One of the reasons this topic is sensitive to me is that it touches the begin of my working life, in the 90’s I’ve started coding at very young age, my first computer program using Basic, Dbase and Clipper was at the age of 17. After few years I’ve been able to provide automation to payroll, accounting, school reports, credit control, chamber of commerce, retail automation and you name it. I had 60% of the city business as my clients while finishing secondary school. Coding came as a natural ability spending sleepless nights reading books and engaged on logic challenges, trails and tests with processing speed and data storage capacity limitations.
We are in a state of revolutionary transformation as companies begin to apply artificial intelligence on a massive scale. Within intelligent automation enabled by AI old jobs will die, and new jobs are born at an accelerating pace. Digitalization affects both business processes and work culture, in order to thrive in the technology revolution, corporations need to ensure that their employees are ready to face the new challenges and opportunities. Yet, according to the KPMG 2018 Global CEO Outlook report, CEO’s are not investing in the experts that enable change in their culture, or experts in learning and development1.

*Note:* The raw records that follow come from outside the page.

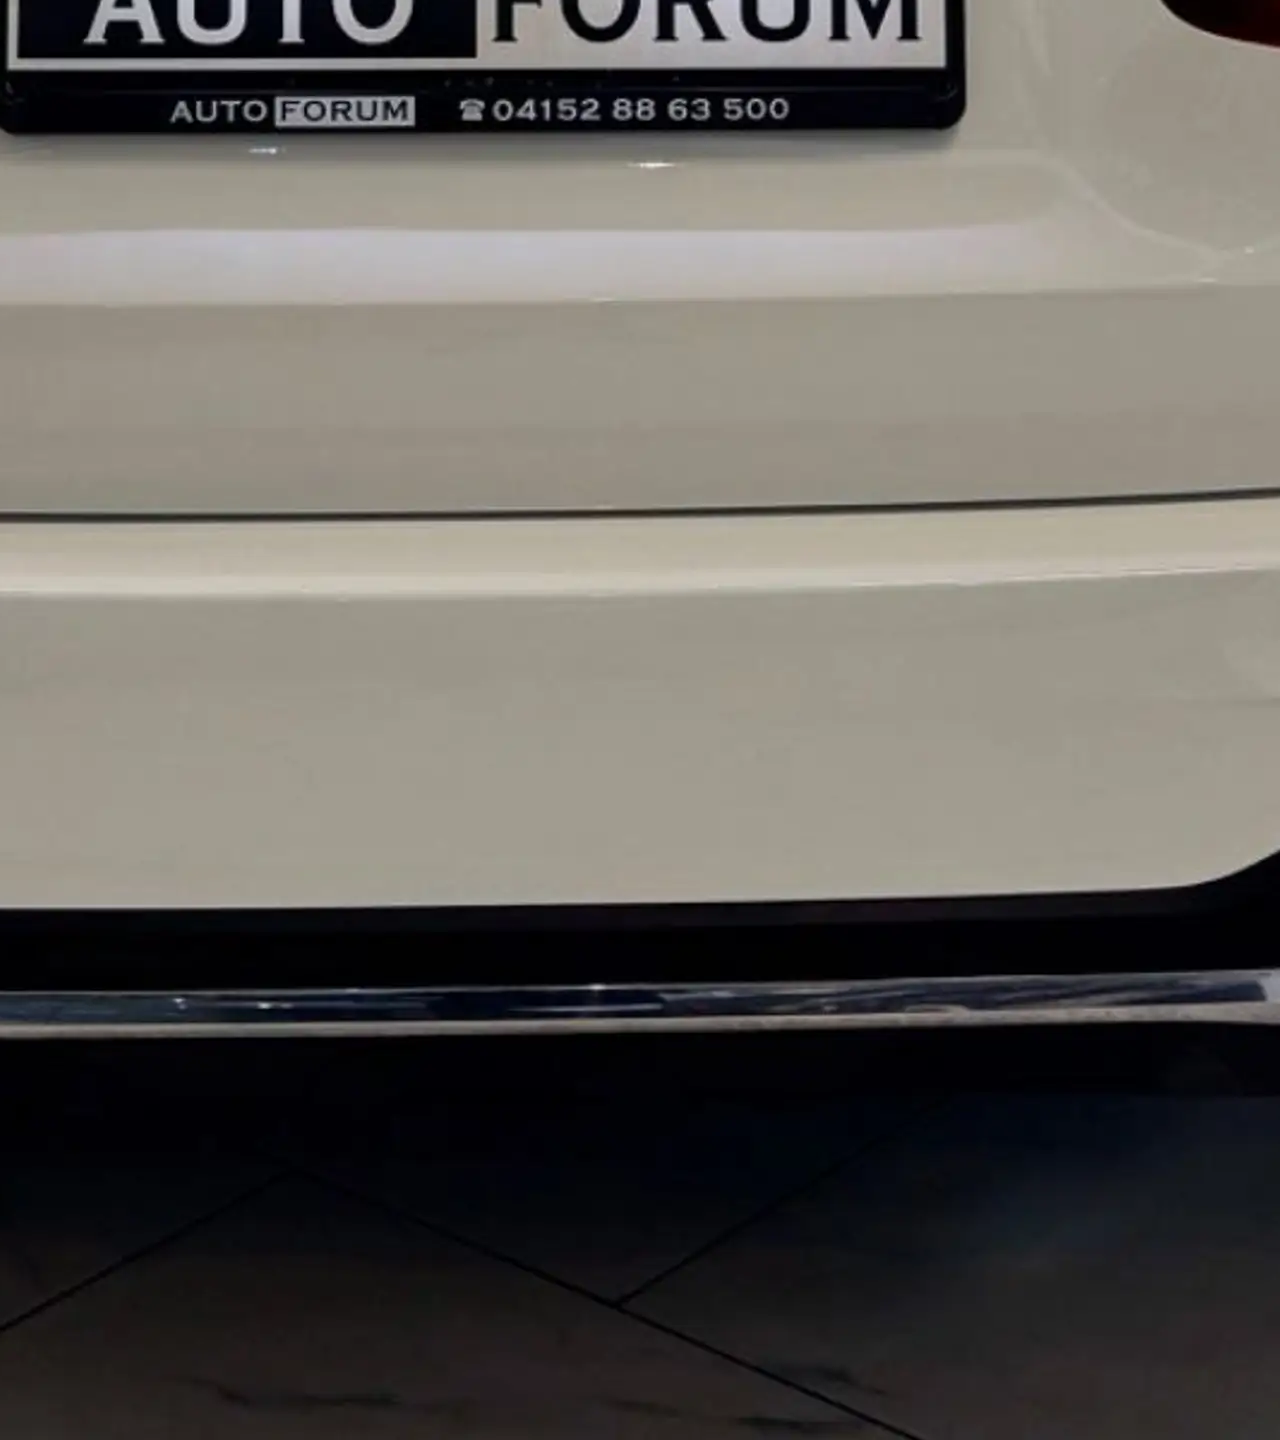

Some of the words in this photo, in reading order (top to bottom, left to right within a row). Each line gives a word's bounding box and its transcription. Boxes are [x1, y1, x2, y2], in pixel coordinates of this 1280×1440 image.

[170, 98, 270, 123] AUTO
[279, 99, 410, 122] FORUM
[492, 97, 602, 122] 04152
[613, 97, 658, 122] 88
[667, 97, 713, 122] 63
[722, 97, 791, 121] 500

When skill gaps are ignored, or when leadership perpetuates antiquated training programs, the only way to fill those skill gaps is through firing and rehiring large segments of the workforce. This is neither economically, nor socially sustainable, and retraining programs are needed to help companies take advantage of the new technologies. I wrote this article to provide insights into the benefits of proactive retraining and reskilling, and to help better understand the economics of learning. Whether you are a CEO, executive, HR expert or L&D specialist, this insight will give you ideas of how to enable both socially and economically sustainable learning programs in your business. I hope this insight will raise some questions: how would your business benefit from better learning? How could you make better investments in development? Could you retrain your employees rather than replacing them with workers possessing different skills? If it does, I am happy to talk with you to find out what your business can gain from a proper learning strategy.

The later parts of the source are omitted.